Takeaways are more than just things defenses crave and offenses abhor. They’re also are learning opportunities presented by events, and there were a few for the Bears in the first seven days following the end of their disappointing 6-10 season:
A history first
John Fox would be the first to agree that the Bears need to be far better than their historically bad 1-7 at home in 2015. But the Bears were a healthy 5-3 on the road, which doesn’t exactly make them as a playoff team, but all four of the winners from wild-card weekend won on the road.
First time that’s ever happened. Which is a little surprising, because “road” teams in wild-card round routinely have better records than the home teams, which are “home” teams only because they won weaker divisions. The Kansas City Chiefs were 11-5 to host AFC South champion Houston’s 9-7. And the Green Bay Packers at 10-6 were clearly better than NFC East winner Washington at 9-7.

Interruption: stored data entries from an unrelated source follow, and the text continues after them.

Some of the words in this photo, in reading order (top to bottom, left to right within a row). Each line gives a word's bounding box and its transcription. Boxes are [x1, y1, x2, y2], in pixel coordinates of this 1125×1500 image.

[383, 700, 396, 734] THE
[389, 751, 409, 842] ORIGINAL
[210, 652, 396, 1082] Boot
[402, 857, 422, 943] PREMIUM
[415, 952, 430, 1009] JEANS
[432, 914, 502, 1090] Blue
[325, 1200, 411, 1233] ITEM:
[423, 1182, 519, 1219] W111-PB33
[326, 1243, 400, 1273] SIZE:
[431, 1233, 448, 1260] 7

And what was that “what’s wrong with the Packers?” business again?
[SHOP: Gear up Bears fans!]
For perspective purposes…
Blair Walsh’s far-wide-left miss of a field-goal try from 27 yards to cost the Minnesota Vikings advancing on to the NFC divisional playoffs doesn’t make Robbie Gould’s miss from 36 to win the San Francisco 49ers game any less gut-wrenching. But the Gould miss pales next to the Walsh head-shaker, from 10 yards closer, even if “the pressure of playoff football is real,” said former All-Pro safety Rodney Harrison on NBC’s post-game show.

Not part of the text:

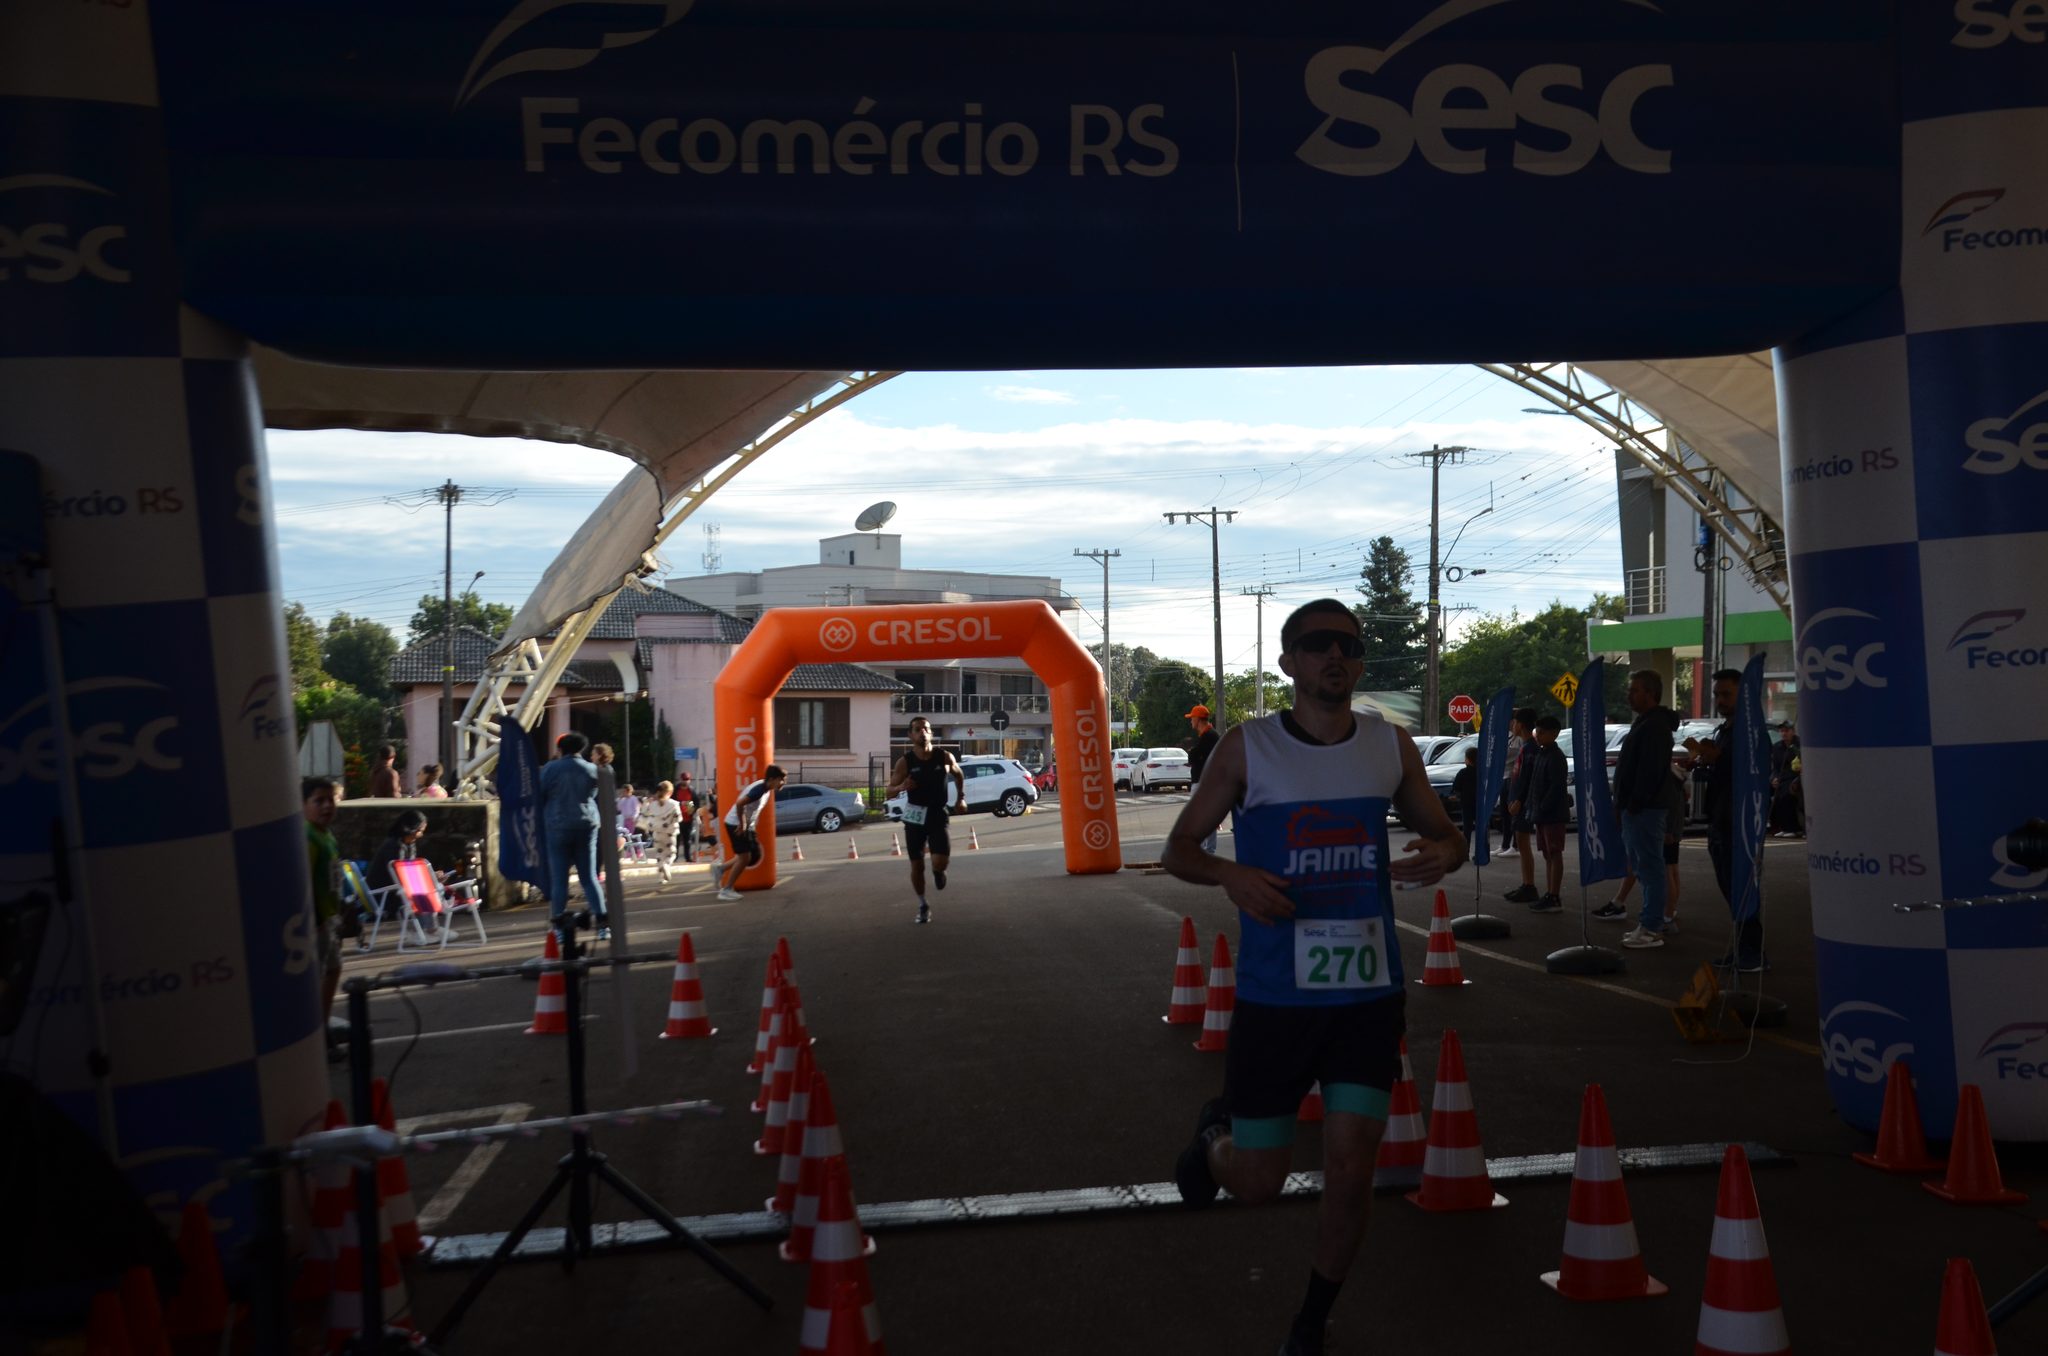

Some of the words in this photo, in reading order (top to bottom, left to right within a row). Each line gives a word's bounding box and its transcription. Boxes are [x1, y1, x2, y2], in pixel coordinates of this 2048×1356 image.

Interestingly perhaps, Walsh was the only NFL kicker with more field goals made (34) than Gould (33). Gould missed six. Walsh missed four…. make that five.
Dump Gould? In six playoff games (’05, ’06, ’10) Gould has had six field goals to kick. He made all six.
Cause for concern?
One of the semi-constants in the NFC North is that the Detroit Lions will overcome elite talent and manage to self-destruct and under-achieve more often than not. That’s how you become an organization that has won exactly one playoff game since 1957.
But on Sunday the Lions officially hired Ernie Accorsi as special advisor to team president Rod Wood.
This is not good news for the Bears.
Accorsi was a key consultant in the search that produced Ryan Pace and John Fox, actual football people with successful backgrounds, for the Bears. Wood was CEO of Ford Estates and was the choice of owner Martha Firestone Ford, neither of whom have any connection to football, which you like to see if you are a competing football organization.
But Wood and the organization bringing in a football force, as the Bears did, rather than again rely on Chairman George McCaskey and President Ted Phillips, points to astute executives with the savvy to know what they don’t know. Accorsi already was involved in the Lions’ hiring last Friday of Bob Quinn from the New England Patriots.
The Lions making intelligent organizational decisions is not what the Bears, Packers and Vikings need. Better to have Detroit perennially having the high first-round draft choices that come to an organization with just two winning seasons since the turn of the century.
Just when you think the NFL couldn’t get more dysfunctional come the Tampa Bay Buccaneers, owner Malcolm Glazer and GM Jason Licht firing coach Lovie Smith after a season in which Smith increased the team win total by four despite a rookie quarterback (Jameis Winston) starting. Smith was tasked with rebuilding a team in shambles after the inept tenures of Raheem Morris and Greg Schiano. Only twice in the seven seasons since Jon Gruden left after 2008 have the Buccaneers won more than the six games they netted with Smith in 2015.
Smith effectively restored some sort of equilibrium to a Bears franchise that had exactly one winning season in the eight years before his hiring and one playoff trip in nine years. Firing Smith despite his having one losing season in his final eight said something about GM Phil Emery; firing Smith after tripling the Tampa Bay win total in one year says even more about the Buccaneers organization, with Smith the linebackers coach for teams that had only one losing season in his tenure there (1996-2000). Call it class-lite.
It’s one thing to make a coaching change when the direction of things is all too clear, as it was with Marc Trestman. It’s another altogether when the rate of ascent just isn’t steep enough for someone.
Cleveland, hiring its fifth head coach since 2009. Miami, where Adam Gase is the fifth head coach since 2011 and which didn’t think Todd Bowles at 2-1 as an interim that year was worth a longer look. Now Tampa Bay.